In early 2013, I didn't really know what to do with myself.
The previous spring, I had been laid off from a high tech job, and in short order my mother was given a terminal cancer diagnosis, suffered through unsuccessful treatments and the loss of her independence, and passed away.
If I had been looking for an excuse to rethink my career priorities, it hit me like a ton of bricks. Now is the time, I said to myself.
As part of the process, I began to get in shape, a process that came to include cycling to a new gym in Richmond, of all places. I would bike 10km there, work out for about 45 minutes, and bike back. Difficult and satisfying.
I also became aware of the dangers of cycling many of the streets in Vancouver and Richmond, some of them designated bike routes. Or, so I thought - as part of my routine, I discovered some signage gaps that seemed to lead cyclists down a bike-friendly route, only to place them in what i felt to be harm's way.
Chagrinned, I did something I almost never do. I spoke out.
Or posted out - I submitted a comment on the HUB Cycling Facebook page, and to be honest I have no idea how I found them, because I had not much of a clue about who they were and what they did. And nobody responded.

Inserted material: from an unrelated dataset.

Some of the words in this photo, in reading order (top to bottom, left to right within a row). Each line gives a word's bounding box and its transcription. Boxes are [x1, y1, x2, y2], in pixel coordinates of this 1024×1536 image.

So I wrote a rant on my blog, and posted it with the hopes that it might lead to some further inspiration on the subject of cycling in Vancouver.
Here's an excerpt:
If you're a cyclist in Vancouver, you're starting to get used to little miracles, like being able to cycle safely across the Fraser River to Richmond, where we keep our airport, casino, and a really good Costco.

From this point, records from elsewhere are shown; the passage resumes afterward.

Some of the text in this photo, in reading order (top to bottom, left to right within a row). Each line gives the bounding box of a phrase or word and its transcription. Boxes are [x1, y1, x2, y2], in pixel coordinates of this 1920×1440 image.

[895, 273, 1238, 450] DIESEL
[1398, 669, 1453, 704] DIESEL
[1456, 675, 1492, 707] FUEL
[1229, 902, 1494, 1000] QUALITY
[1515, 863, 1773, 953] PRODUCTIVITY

The North Arm Bridge of the Canada Line, which crosses the Fraser River at Cambie Street and E Kent Avenue South, a legacy from the 2010 Olympics, now includes a cyclist and pedestrian bridge.
Since it opened in 2009, it's developed a steady flow of foot and 2-wheeled traffic. Having cycled across the Knight, Oak and Granville bridges countless times and felt "there has to be a better way", it happened.
It's a beauty, a single, wide path that switchbacks twice before sidling up next to (and just below) the bridge deck, where you can hear trains passing to and fro. The view of English Bay winking off into the Straight of Georgia frames some pretty nice sunsets. Even the tugs, pulling logs through grey mist on a cold day can be a defining moment on this bridge.
But getting there is scary. The cycling route venturing south on Ontario Street and safely across Marine Drive, ostensibly leads a cyclist to the bridge. But it tapers off at 69th, and you join traffic on E Kent Avenue. There are a lot of fast cars on this shared roadway. And trucks. Lots and lots of trucks.
The irony, of course, is that within six months I was working for HUB as their Director of Marketing, Communications & Campaigns.
I think I referenced my experience trying to get to (and then surviving) East Kent during my interview with Erin O'Melinn, HUB's Executive Director.
I certainly reflected on that prior experience when, as part of the 2014 HUB Cycling annual general meeting, I joined the President's Ride to the AGM, from Nat Bailey Stadium to BCIT's Richmond campus...following this very same route.
It's a long stretch from Ontario Street to the crossing to the North Arm Bridge at Cambie Street, and there's a lot of gravel on the roadway, kicking back into cyclists, and sliding around under bicycle wheels as they spin along uneven roads.
There's also a loss of room around the South Vancouver Transfer Station and landfill, where lane dividers and turning drivers increase the risk to cyclist safety.
Actually, it's hell. Anyone trying to get to North Arm Bridge via Ontario Street on a windy day should have mirrors, life insurance, and an updated will.
Alarmist, sure. But remember, alarms wake us up. Silence...silence can be deadly.
As the group headed down Ontario to the separated lane that deceivingly beckons to cyclists, leading only from SE Marine Drive to 69th Avenue, I made a comment about how it was dangerous, and maybe we should try something different.
The alternative route is to follow the shared roadway down Cambie Street to Kent - there are issues in doing so due to construction in the area, and buses turning in and out of a bus loop — but the danger is less so, unless you count the hazardous driving and abuse hurled upon cyclists by staff at Nextgen Technologies, the contractor managing the Kidd Substation tucked under the north end of the bridge.
And this is not to mention what happens on the Richmond end, at River Road and Van Horne Way, in an attempt to go east. Go by foot, I say.
We made it, of course, and in the end the Richmond side isn't as bad as I made it out to be.
Still - and still to this day - it's a crummy part of Vancouver's erstwhile bike network.
Shared and dedicated roadways alike are in bad need of new or re-established connections; "grid gaps", as one could call them, persist across the growing web of bike lanes in Vancouver. And one of these days, someone's going to get killed.
I keep holding my breath when it comes to this stretch of E Kent. I hope it's dealt with soon.